L'Assemblée nationale a voté vendredi, contre l'avis du gouvernement, l'obligation de rendre publics les activités et impôts payés pays par pays pour les grandes entreprises, en vue de lutter contre l'optimisation et la fraude fiscales.

Dans le cadre du projet de budget rectificatif 2015, les députés ont adopté des amendements sur la publicité de ce « reporting », portés par la commission des Finances, les écologistes ainsi que des socialistes, qui étaient aussi soutenus par le Front de gauche. La publicité est un élément essentiel dans la « bataille pour la transparence », a lancé un des tenants de la mesure, le socialiste Pascal Cherki. Cela permet le « name and shame » (technique anglo-saxonne du « nommer et blâmer »), a renchéri son collègue Benoît Hamon (PS), autre membre de l'aile gauche du PS. Pour les écologistes, Eva Sas a salué une « avancée », tandis que Patrice Carvalho (FG) soulignait le soutien des ONG et de la société civile.

« Enfin un vrai pas vers la transparence des multinationales ! », s'est félicitée l'ONG One France, évoquant aussi « une victoire extrêmement importante pour les pays en développement » victimes de « l'évasion fiscale d'entreprises implantées sur leur territoire ». Dans un communiqué commun avec Réactive, CCFD-Terre Solidaire, Oxfam France et Peuples Solidaires ActionAid France, ces ONG se réjouissent d'une « mesure historique » qui permettra de « révéler les montages fiscaux artificiels ». « Ce vote est d'autant plus important que cette question est discutée en ce moment même au niveau européen », soulignent-elles.
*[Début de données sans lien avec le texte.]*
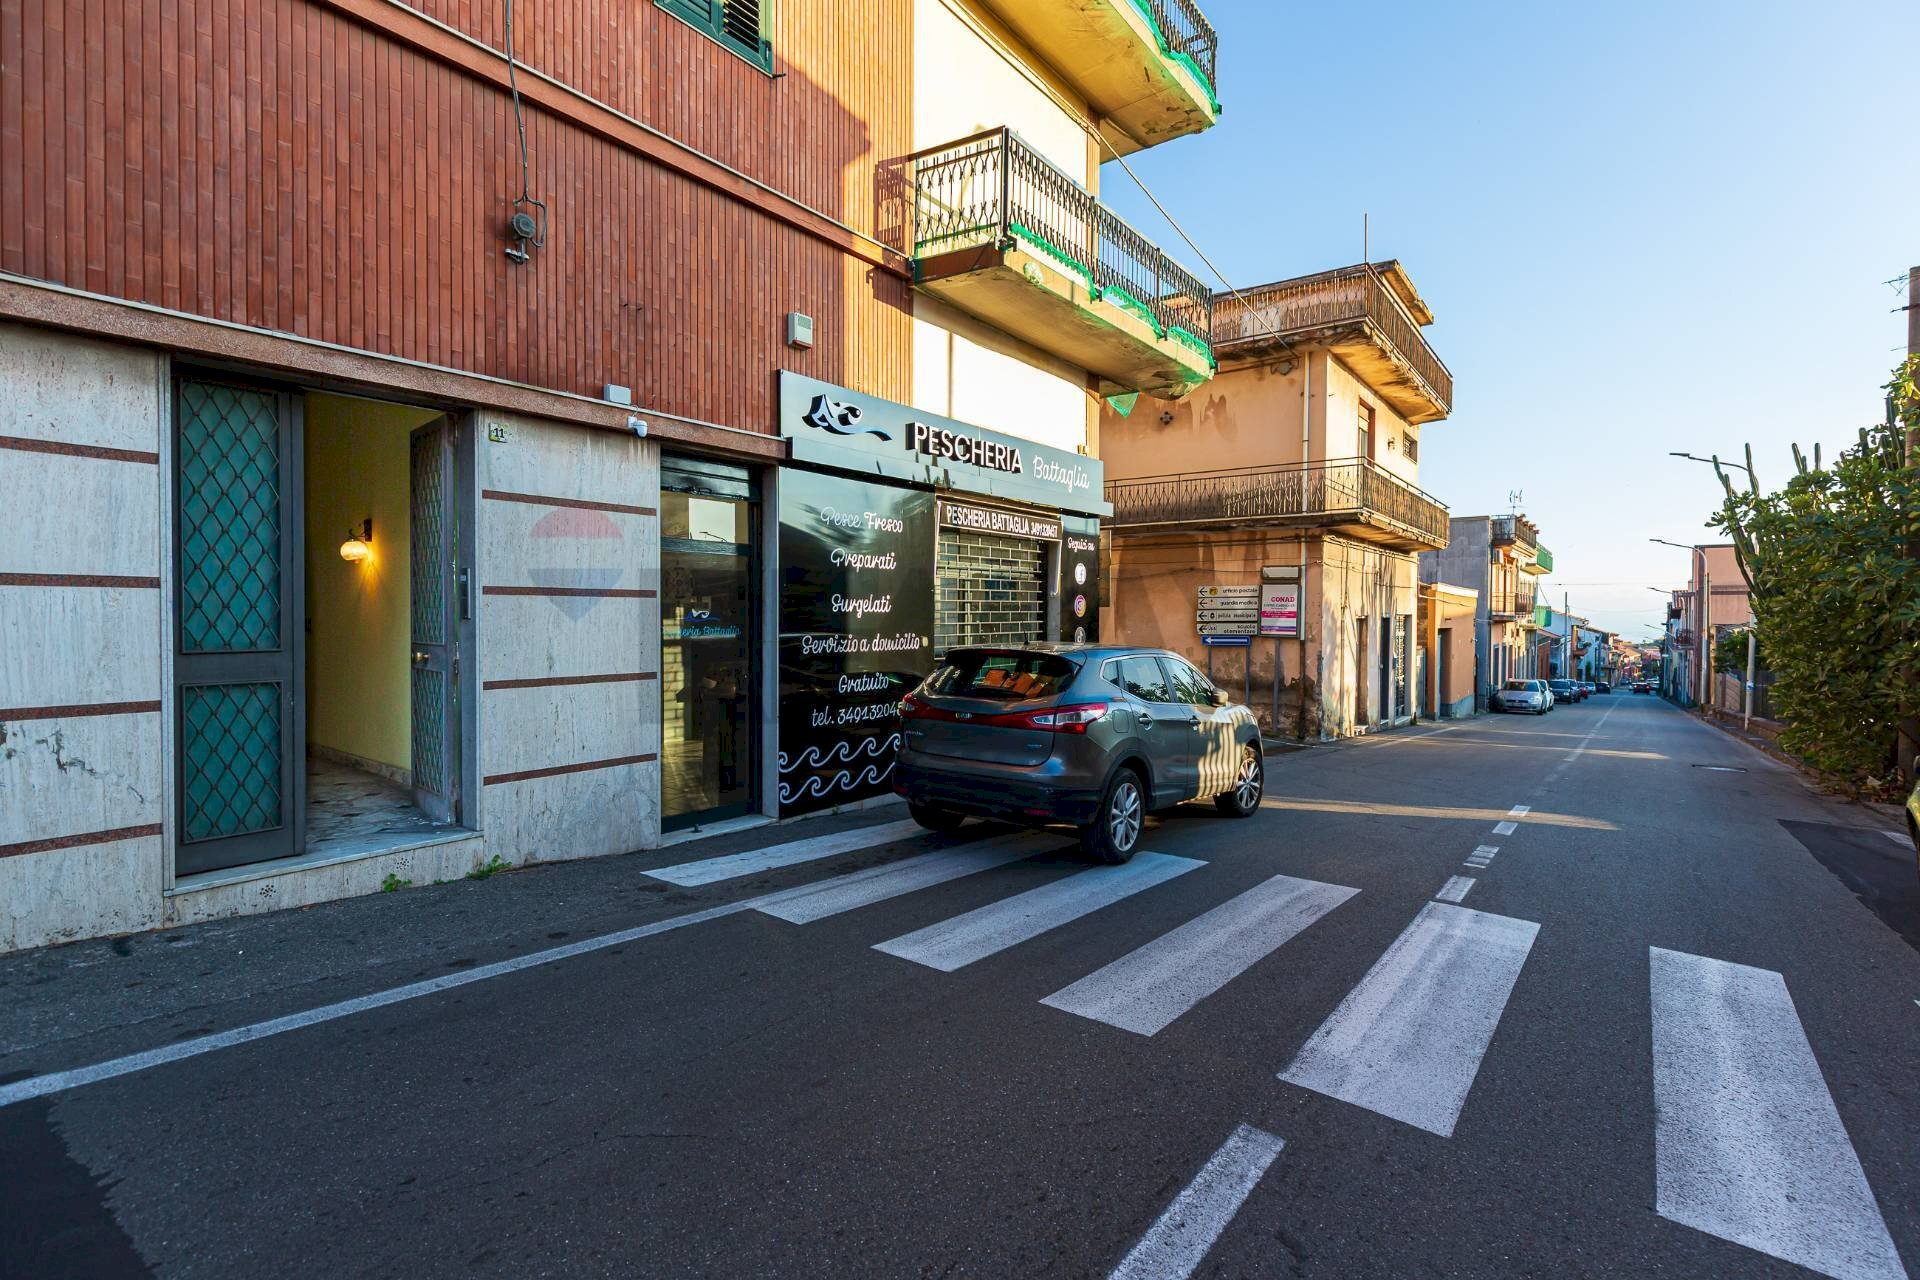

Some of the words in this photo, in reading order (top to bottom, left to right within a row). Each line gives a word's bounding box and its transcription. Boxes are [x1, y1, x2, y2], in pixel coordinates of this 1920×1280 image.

[494, 428, 504, 438] 11
[908, 422, 1024, 473] PESCHERIA
[1032, 455, 1090, 493] Battaglia
[820, 506, 862, 527] Pesce
[864, 512, 903, 533] Fresco
[946, 505, 990, 528] PESCHERIA
[991, 514, 1029, 535] BATTAGLIA
[1067, 537, 1087, 553] Seguici
[830, 548, 896, 573] Preparati
[831, 593, 891, 618] Surgelati
[802, 633, 858, 655] Servizio
[859, 640, 870, 652] a
[872, 632, 920, 652] domicilio
[838, 672, 889, 694] Gratuito
[811, 705, 835, 727] tel.
Les sociétés concernées sont celles cotées et celles qui remplissent deux parmi trois critères : bilan supérieur à 20 millions d'euros, chiffre d'affaires net supérieur à 40 millions d'euros et plus de 250 salariés.

Informations publiées en ligne

Ces informations sur les activités et les impôts payées par ces entreprises dans chaque Etat ou territoire d'implantation seront publiées en ligne, en format de données ouvertes, centralisées et accessibles au public, prévoient les amendements adoptés.
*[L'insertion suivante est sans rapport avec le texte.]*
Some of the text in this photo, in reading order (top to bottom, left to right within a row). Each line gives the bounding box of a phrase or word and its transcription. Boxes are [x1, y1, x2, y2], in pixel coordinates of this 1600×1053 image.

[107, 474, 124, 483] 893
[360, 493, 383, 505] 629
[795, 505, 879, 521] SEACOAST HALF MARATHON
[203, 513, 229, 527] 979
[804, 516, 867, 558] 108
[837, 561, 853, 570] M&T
Le secrétaire d'Etat au Budget Christian Eckert avait opposé que cette publicité pourrait « nuire à la compétitivité de nos entreprises ». « Nous devons avancer au même rythme que nos partenaires européens », avait-il aussi fait valoir. « Les informations qui peuvent être divulguées ont un caractère stratégique », a abondé le socialiste Christophe Caresche, l'un des rares opposants à la publicité à être présent, dans un hémicycle particulièrement clairsemé en ce vendredi après-midi.

Le Medef a dénoncé dans un communiqué une mesure « particulièrement dangereuse », qui risque de « mettre nos entreprises en situation de véritable distorsion de concurrence et créerait pour elles de réelles difficultés ». Il demande au gouvernement de maintenir son opposition à cette mesure.
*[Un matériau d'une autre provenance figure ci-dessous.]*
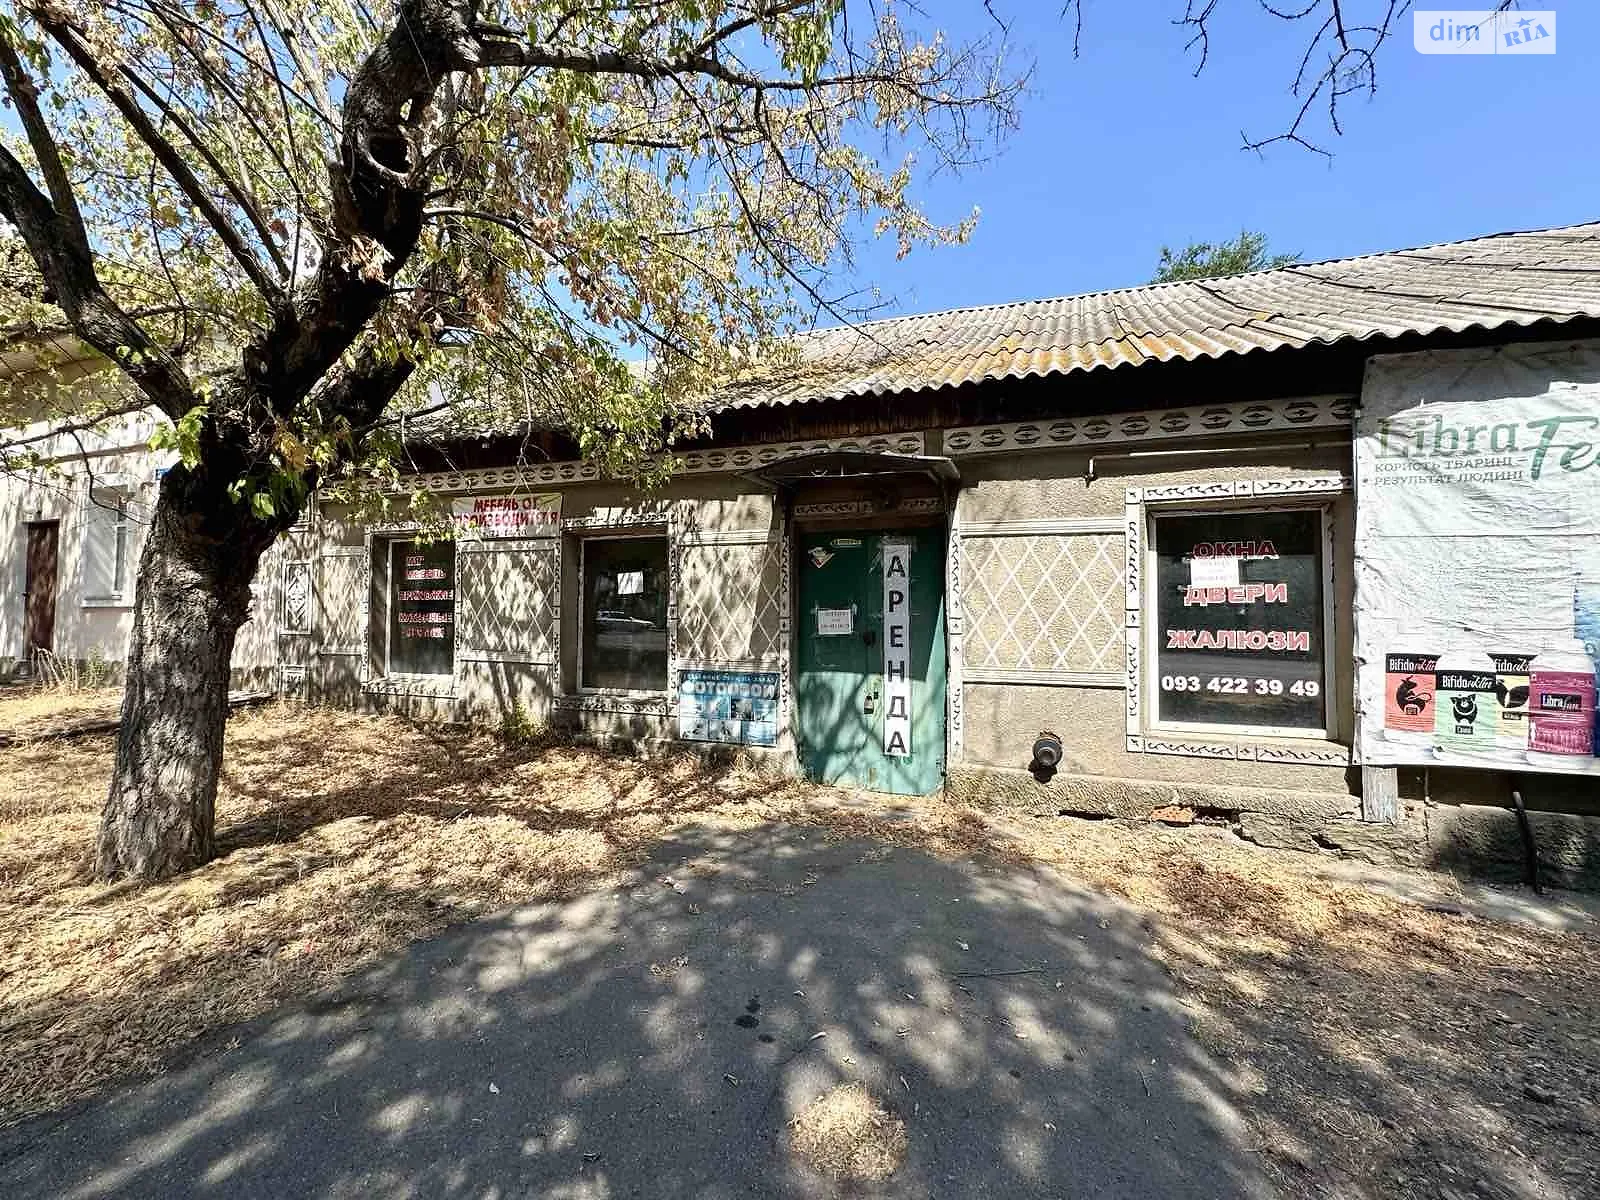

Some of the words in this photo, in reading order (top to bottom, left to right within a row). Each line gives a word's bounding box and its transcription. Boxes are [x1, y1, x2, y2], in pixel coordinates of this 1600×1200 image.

[1375, 414, 1520, 458] Libra
[1522, 416, 1600, 480] Fe
[1375, 462, 1440, 473] КОРИСТЬ
[1375, 474, 1451, 486] РЕЗУЛЬТАТ
[1192, 541, 1281, 560] ОКНА
[1183, 583, 1288, 607] ДВЕРИ
[1166, 629, 1310, 650] ЖАЛЮЗИ
[886, 555, 908, 755] АРЕНДА
[1161, 675, 1201, 692] 093
[1206, 677, 1249, 694] 422
[1255, 679, 1284, 695] 39
[1289, 680, 1320, 697] 49
Le reporting déjà introduit dans la loi bancaire de juillet 2013

La France a introduit une exigence de reporting pays par pays pour les banques dans la réforme bancaire adoptée en juillet 2013, par souci notamment de dissuader les entreprises faisant de l'optimisation fiscale et de donner des outils au fisc pour identifier des risques d'évasion fiscale. L'Assemblée nationale a intégré le 12 novembre au projet de budget 2016 l'obligation pour les grandes entreprises de transmettre à l'administration un reporting pays par pays pour lutter contre l'optimisation fiscale, sous peine d'une amende d'au maximum 100.000 euros.

Cette mesure, adoptée avec le soutien du gouvernement, entendait traduire dans la législation française l'une des 15 actions de l'OCDE pour lutter contre l'évasion et l'optimisation fiscale agressive, avant la validation de ce plan par le G20 mi-novembre. A ainsi été prévu le dépôt en France à partir de l'exercice 2016, par les sociétés mères des groupes présentant un chiffre d'affaires annuel supérieur à 750 millions d'euros, de déclarations comportant la répartition pays par pays des bénéfices des groupes ainsi que la localisation et l'activité des entités. La proposition des écologistes de rendre publiques les informations publiées par les entreprises avait alors été rejetée.